MATERIAL FOR THE TASK:
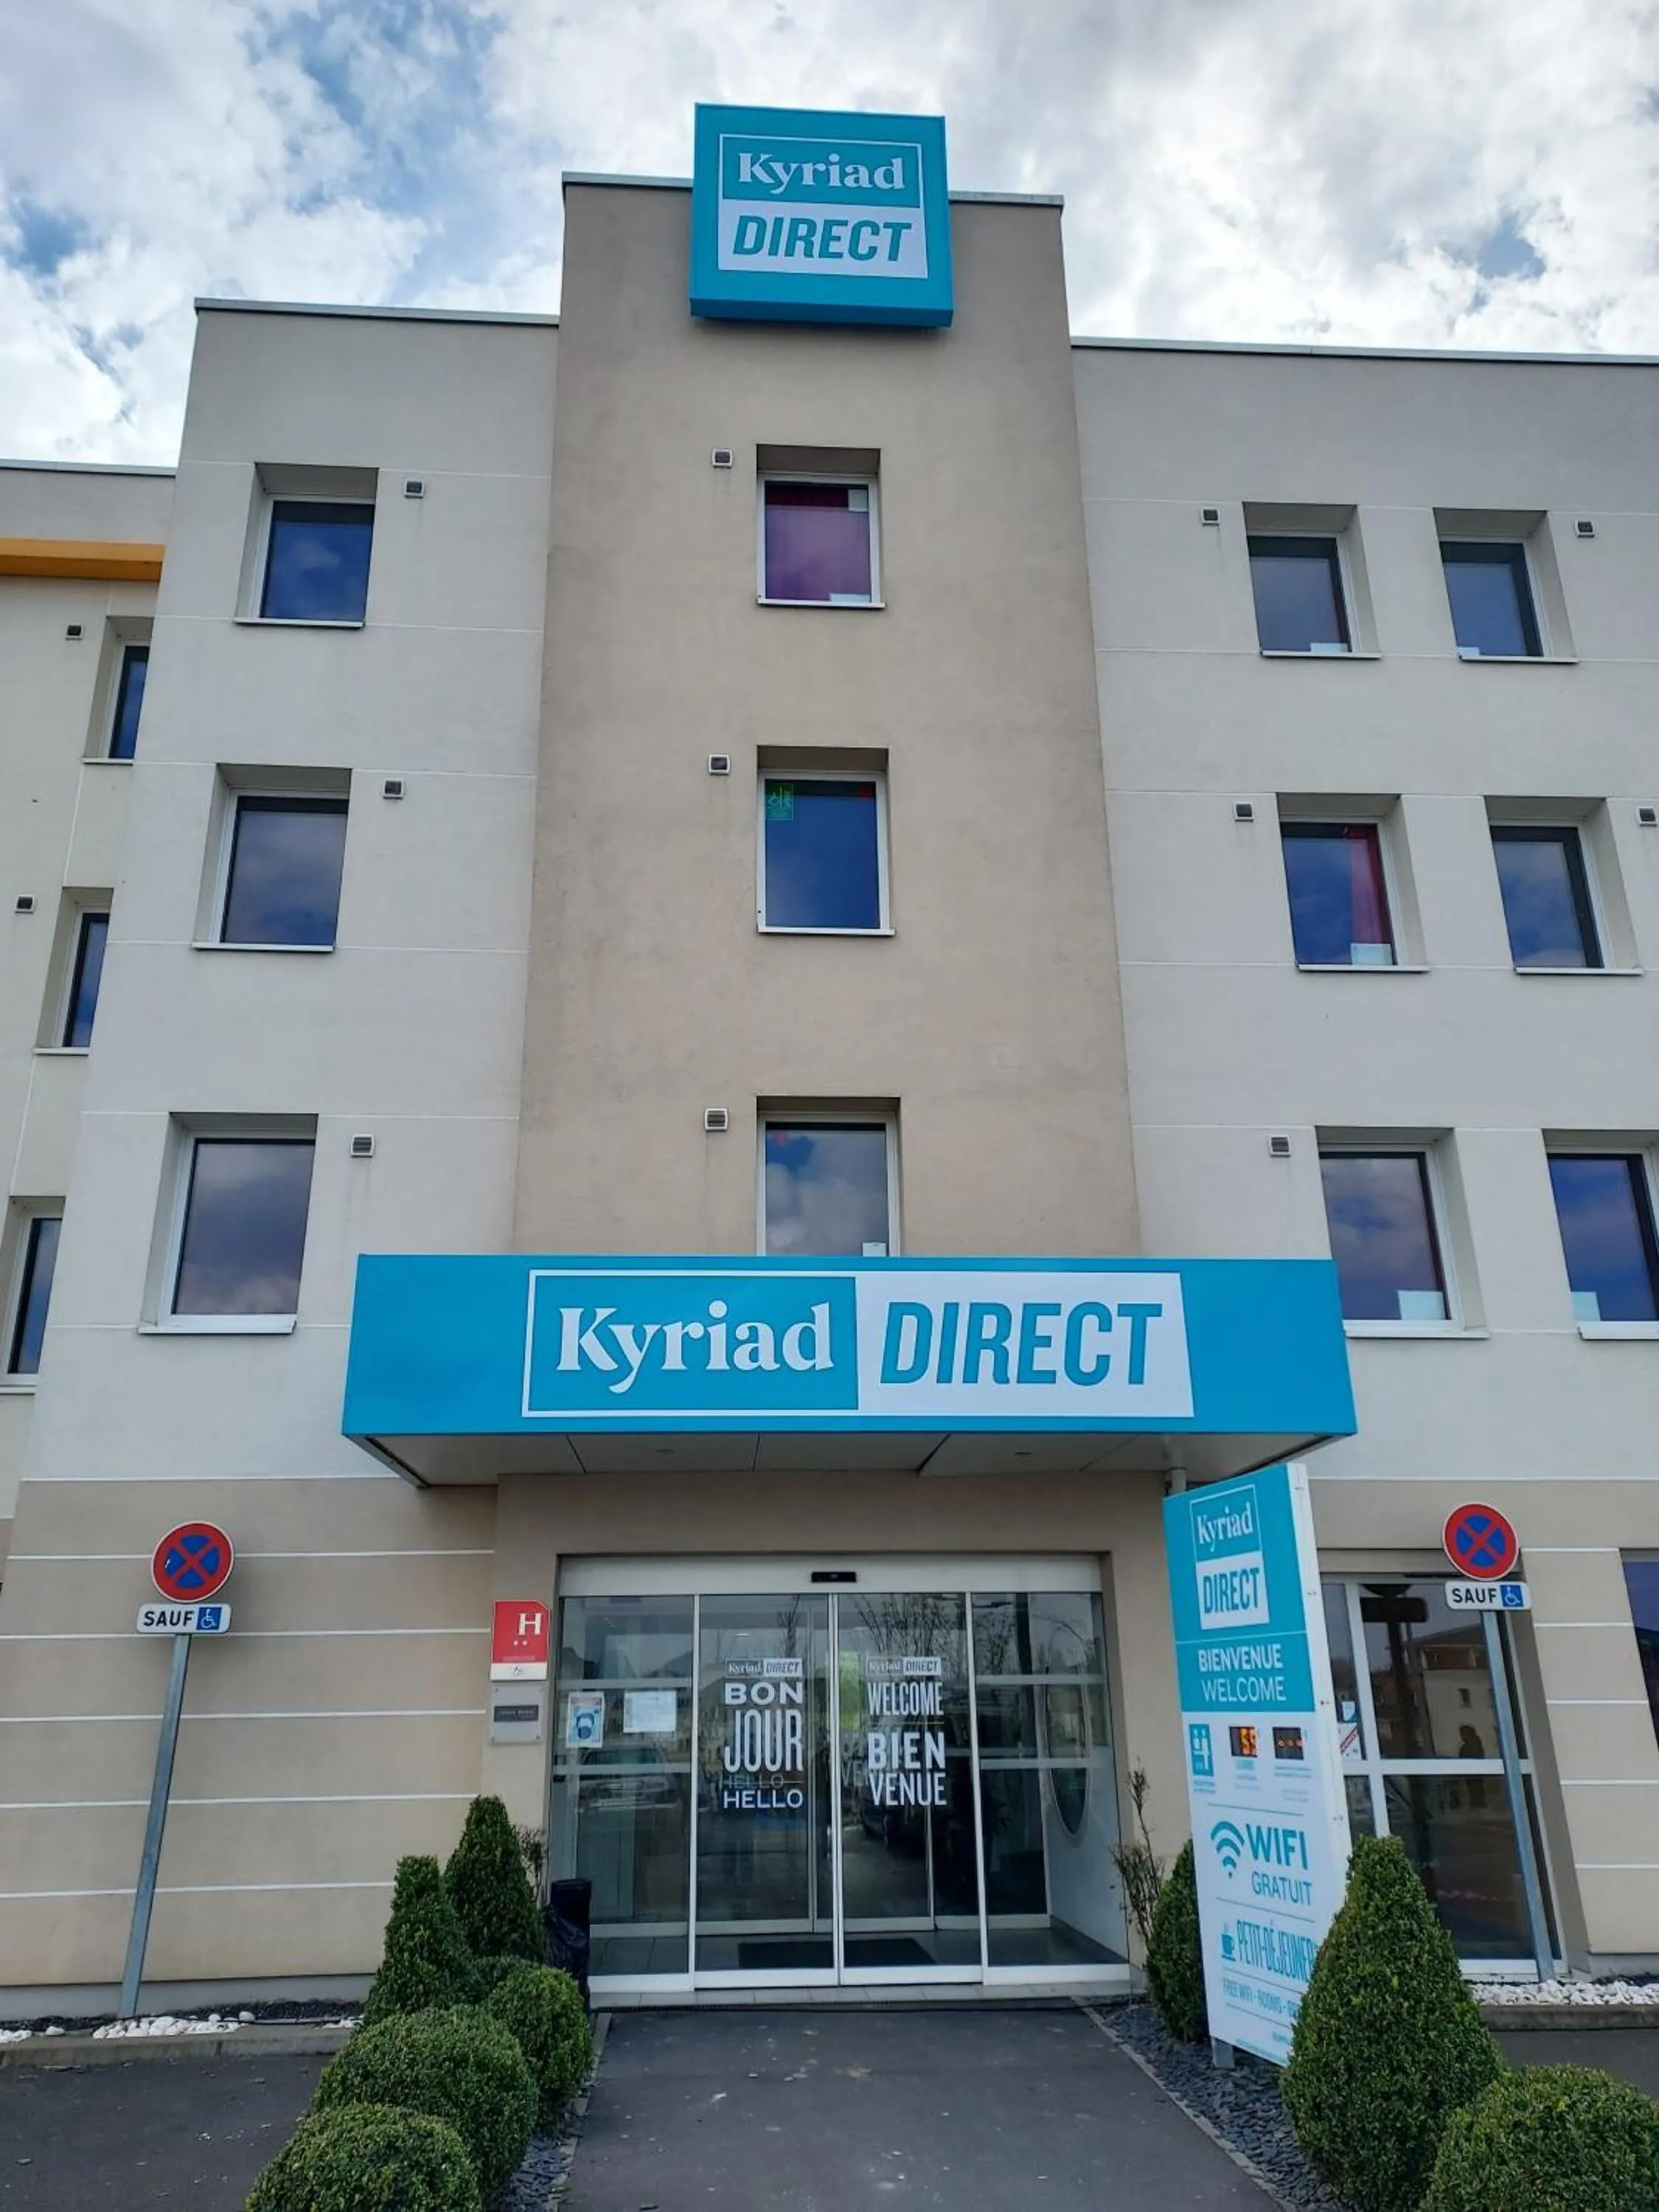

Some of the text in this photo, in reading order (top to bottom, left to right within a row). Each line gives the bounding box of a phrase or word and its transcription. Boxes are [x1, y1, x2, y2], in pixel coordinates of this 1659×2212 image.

[738, 153, 905, 195] Kyriad
[733, 215, 912, 262] DIRECT
[555, 1300, 1164, 1394] Kyriad DIRECT
[1196, 1501, 1253, 1553] Kyriad
[1203, 1567, 1260, 1614] DIRECT
[1452, 1588, 1497, 1604] SAUF
[143, 1610, 195, 1627] SAUF
[518, 1613, 543, 1636] H
[765, 1660, 800, 1674] DIRECT
[905, 1658, 939, 1672] DIRECT
[1197, 1644, 1283, 1672] BIENVENUE
[725, 1682, 803, 1705] BON
[868, 1682, 944, 1716] WELCOME
[1200, 1676, 1286, 1703] WELCOME
[723, 1708, 803, 1772] JOUR
[868, 1732, 946, 1770] BIEN
[723, 1788, 803, 1809] HELLO
[869, 1772, 947, 1806] VENUE
[1245, 1823, 1309, 1871] WIFI
[1251, 1871, 1313, 1906] GRATUIT
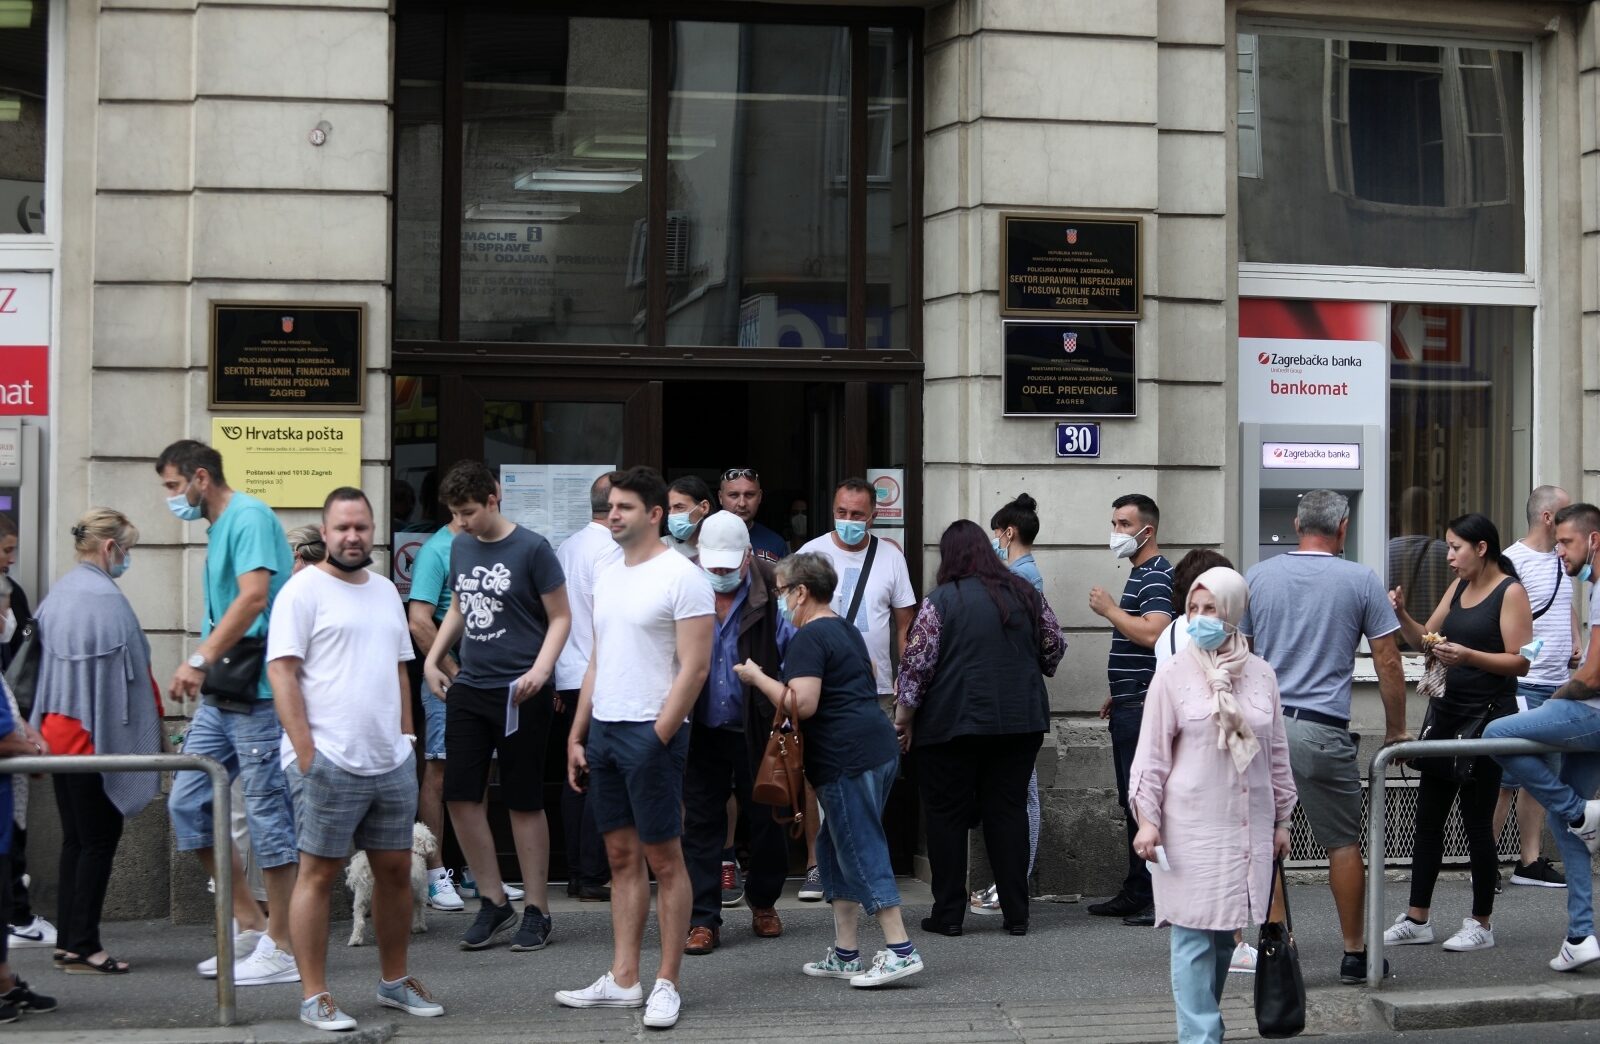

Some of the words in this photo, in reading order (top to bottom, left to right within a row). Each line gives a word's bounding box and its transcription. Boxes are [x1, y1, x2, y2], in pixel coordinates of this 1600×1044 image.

WHAT TO PRODUCE:
Exact copy, no pictures: reproduce the whole listing above.

ANSWER TO THIS TASK:
Some of the text in this photo, in reading order (top to bottom, left to right within a row). Each line gives the bounding box of a phrase or word and its transcription. Boxes are [x1, y1, x2, y2], in pixel coordinates of this 1659×2212 image.

[738, 153, 905, 195] Kyriad
[733, 215, 912, 262] DIRECT
[555, 1300, 1164, 1394] Kyriad DIRECT
[1196, 1501, 1253, 1553] Kyriad
[1203, 1567, 1260, 1614] DIRECT
[1452, 1588, 1497, 1604] SAUF
[143, 1610, 195, 1627] SAUF
[518, 1613, 543, 1636] H
[765, 1660, 800, 1674] DIRECT
[905, 1658, 939, 1672] DIRECT
[1197, 1644, 1283, 1672] BIENVENUE
[725, 1682, 803, 1705] BON
[868, 1682, 944, 1716] WELCOME
[1200, 1676, 1286, 1703] WELCOME
[723, 1708, 803, 1772] JOUR
[868, 1732, 946, 1770] BIEN
[723, 1788, 803, 1809] HELLO
[869, 1772, 947, 1806] VENUE
[1245, 1823, 1309, 1871] WIFI
[1251, 1871, 1313, 1906] GRATUIT

Some of the words in this photo, in reading order (top to bottom, left to right within a row). Each line gives a word's bounding box and its transcription. Boxes are [x1, y1, x2, y2], in pixel coordinates of this 1600×1044 image.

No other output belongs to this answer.